La ministre de la Santé a donné des nouvelles des 27 Français isolés dans plusieurs hôpitaux. Huit d’entre eux ont pris l’avion, le 25 avril, au départ de Sainte-Hélène vers Johannesburg, dans le même appareil qu’une passagère néerlandaise du MV Hondius porteuse de la maladie.
État de santé de la passagère française
Presque deux semaines après avoir été rapatriée du MV Hondius, la passagère française ayant été testée positive au hantavirus est « toujours en réanimation », a indiqué au micro de FranceInfo ce vendredi 22 mai Stéphanie Rist. La ministre de la Santé affirme également que les 26 cas contacts identifiés par les autorités françaises sont « toujours hospitalisés en isolement ».
Situation des cas contacts
Ces personnes (quatre passagers du MV Hondius et 22 individus ayant pris le même avion qu’une malade décédée en Afrique du Sud fin avril) « vont bien », a précisé Stéphanie Rist, ajoutant que leurs tests « sont toujours négatifs ».
« L’incubation étant de quarante-deux jours, l’isolement est de quarante-deux jours. Actuellement, elles sont isolées à l’hôpital », a déclaré la ministre. « S’il y a des éléments nouveaux, je reviendrai le dire évidemment en toute transparence », a-t-elle promis.
Rien ne laisse penser à un variant plus dangereux
La passagère française hospitalisée en réanimation, âgée d’une soixantaine d’années « est dans un état grave », avait expliqué il y a dix jours au Parisien Xavier Lescure, infectiologue à l’hôpital Bichat AP-HP.
C’est dans cet hôpital du nord de Paris qu’ont été admis les cinq passagers du MV Hondius, où s’était déclaré un foyer d’hantavirus il y a quelques semaines. C’est la souche des Andes, particulièrement létale et pour laquelle il n’existe aucun vaccin ni traitement spécifique, qui avait été détectée.
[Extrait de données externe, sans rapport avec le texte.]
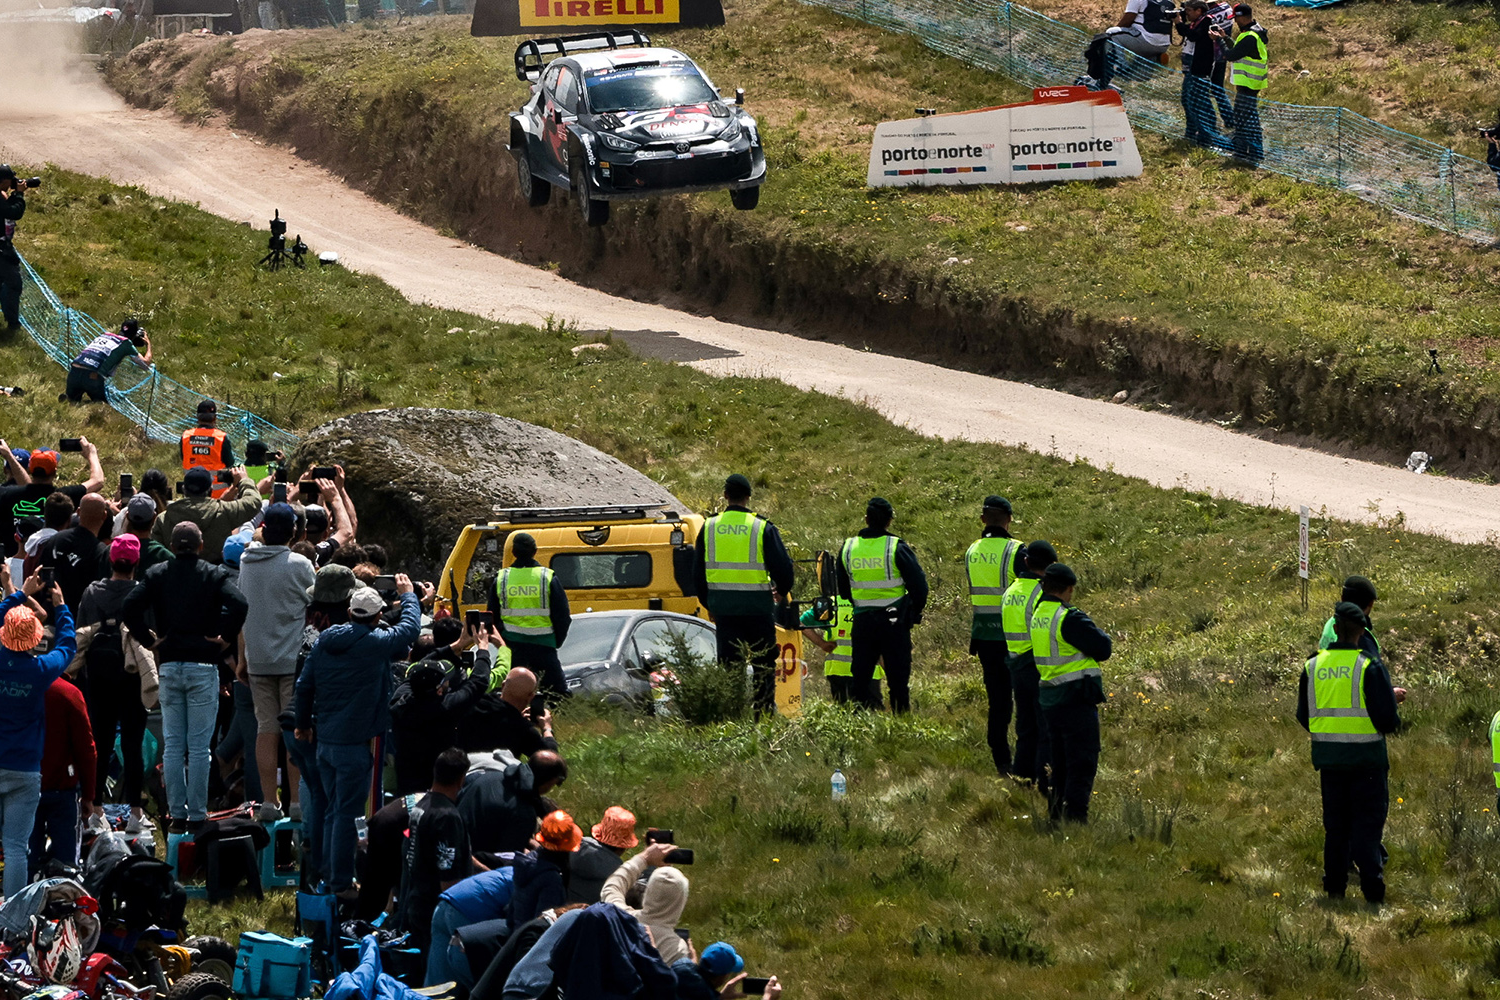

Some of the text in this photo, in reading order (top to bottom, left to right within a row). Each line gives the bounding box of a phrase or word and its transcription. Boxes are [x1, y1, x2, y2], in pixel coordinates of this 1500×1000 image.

Après le séquençage de cette souche par l’Institut Pasteur, « aucun élément ne laisse penser à l’apparition d’un variant susceptible d’être plus transmissible ou plus dangereux », avait annoncé vendredi 15 mai la ministre de la Santé.
Stabilité du virus et perspectives
Des chercheurs avaient déjà souligné qu’une mutation significative de l’hantavirus était peu probable, ce virus étant notamment bien plus stable que ceux du Covid 19 ou de la grippe.
Mais la période d’incubation pouvant atteindre six semaines, l’Organisation mondiale de la Santé disait s’attendre à l’apparition de nouveaux cas parmi les passagers du bateau, désormais tous rapatriés dans plusieurs pays.
Les personnes ayant côtoyé les cas contacts avant leur mise à l’isolement n’ont pas à être hospitalisées. « Ce que nous disent les experts (…), c’est que quand vous avez un test négatif, vous n’étiez pas contagieux dans les jours précédents », déclarait Stéphanie Rist mi-mai.